In caso di incidente spetta al comandante del sommergibile dare immediatamente l'allarme ed ecco alcune delle prime operazioni da compiere: si chiude la zona al traffico marittimo, alla pesca e alla balneazione; attivazione dei diversi centri di coordinamento dei soccorsi, istituzione dei posti di controllo sanitario, decontaminazione e assistenza; controllo continuo dell'andamento della radioattività in aria e misurazione della contaminazione; sgombero degli abitanti di Capo D'orso e sistemazione degli sfollati ad Arzachena. Allontanamento delle persone dai litorali lungo la rotta seguita dal sommergibile, distribuzione di viveri, acqua e vestiario; eventuale interruzione di fornitura idrica e alimentare a La Maddalena e Palau.

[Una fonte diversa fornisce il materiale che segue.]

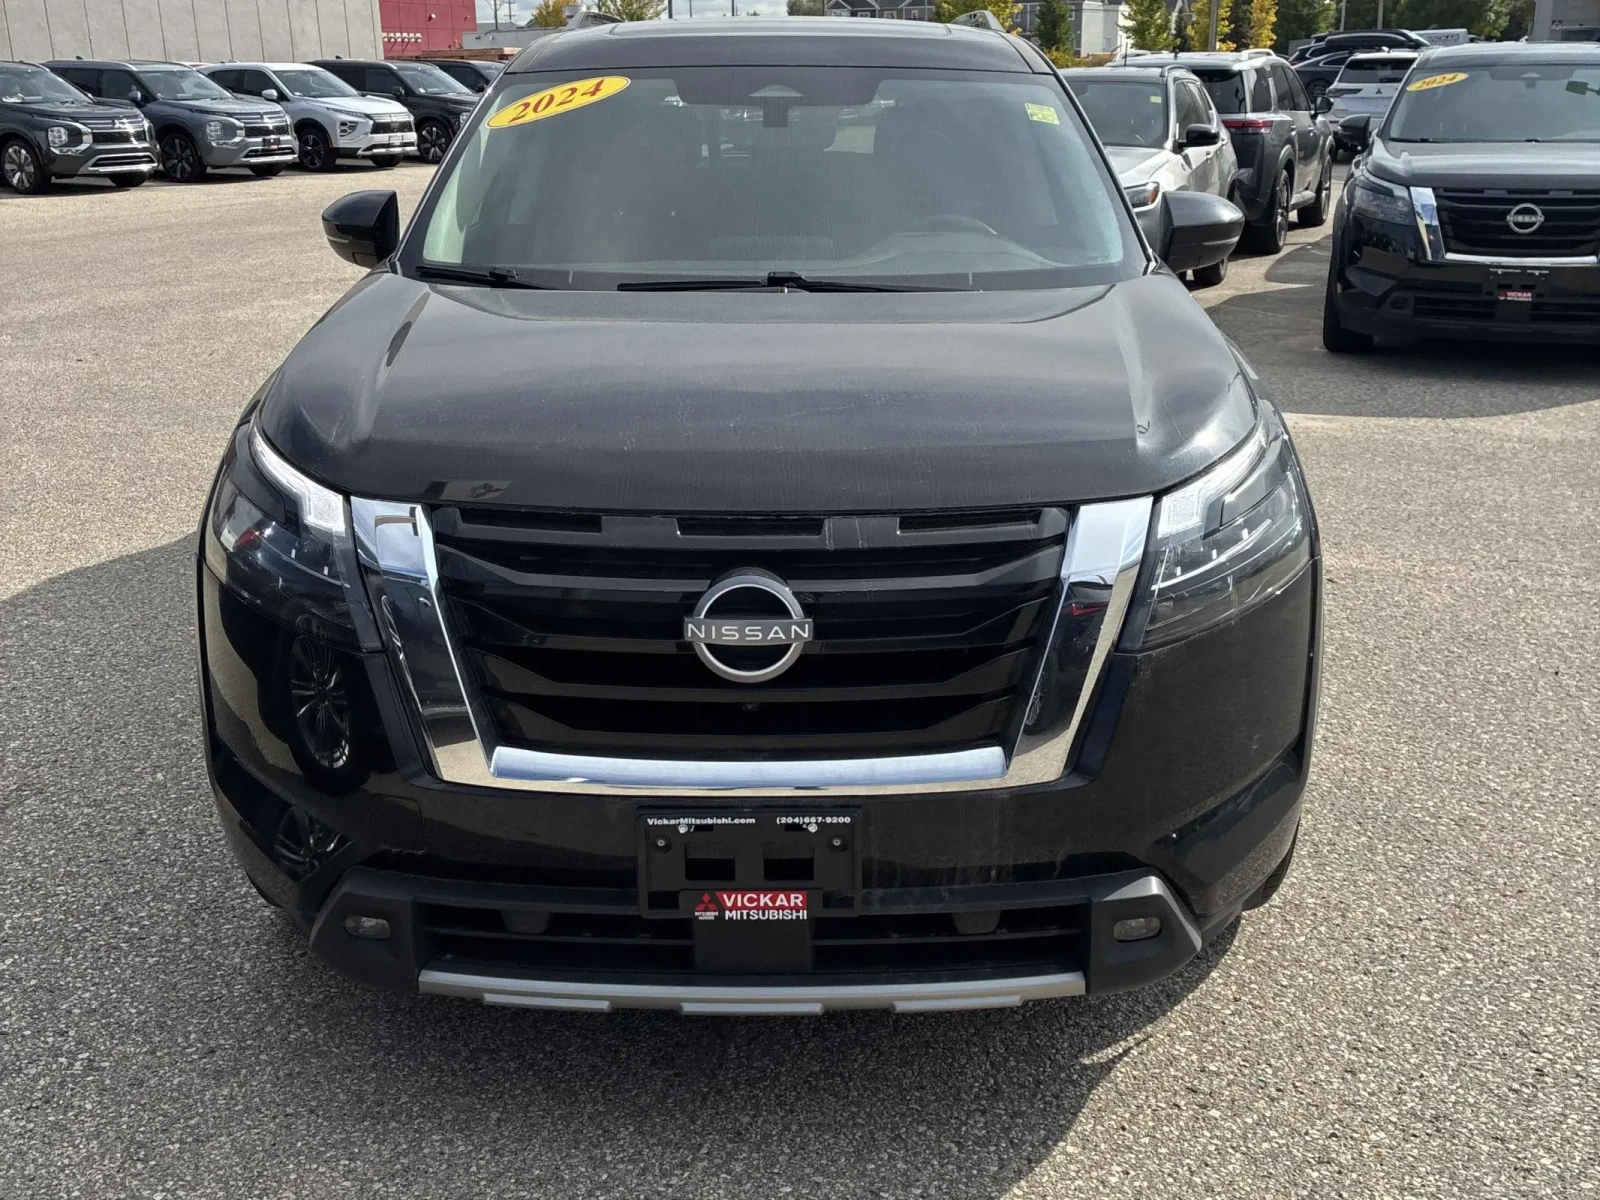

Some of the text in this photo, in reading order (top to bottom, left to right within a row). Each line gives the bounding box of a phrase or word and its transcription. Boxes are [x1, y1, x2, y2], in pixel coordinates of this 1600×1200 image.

La prefettura è l'istituzione responsabile dell'attuazione del Piano ma per ogni organismo coinvolto sono previste procedure molto precise, dai testi delle ordinanze da diramare, al numero di penne biro, pennarelli e rotoli di spago che deve avere il servizio accertamento contaminazione. Segue l'elenco degli alberghi da requisire e delle ditte da contattare per la fornitura di autobus, acqua, viveri, indumenti. Naturalmente i traghetti di linea devono essere pronti all'uso. Un uso eccezionale dato che si tratta di evacuare almeno quindicimila persone nel più breve tempo possibile.
Sugli aspetti sanitari entra il gioco il Servizio accertamento contaminazione che deve identificare il paziente e indirizzarlo al Servizio ospedaliero. Qui si provvede a una prima decontaminazione, lavaggio e sfregamento con sapone e detergente. Se non fosse sufficiente questo trattamento il paziente è trasferito al Centro di medicina nucleare di Sassari e in casi molto gravi anche all'estero.
«Uno degli aspetti più importanti della prevenzione medica - si legge - è dato dall'informazione che, diffusa preliminarmente, appare come elemento fondamentale per il successo dell'applicazione delle misure protettive». Sarebbe interessante capire di quale informazione preliminare si tratta e se mai è stata diffusa, visto che a questa è demandato il successo del Piano.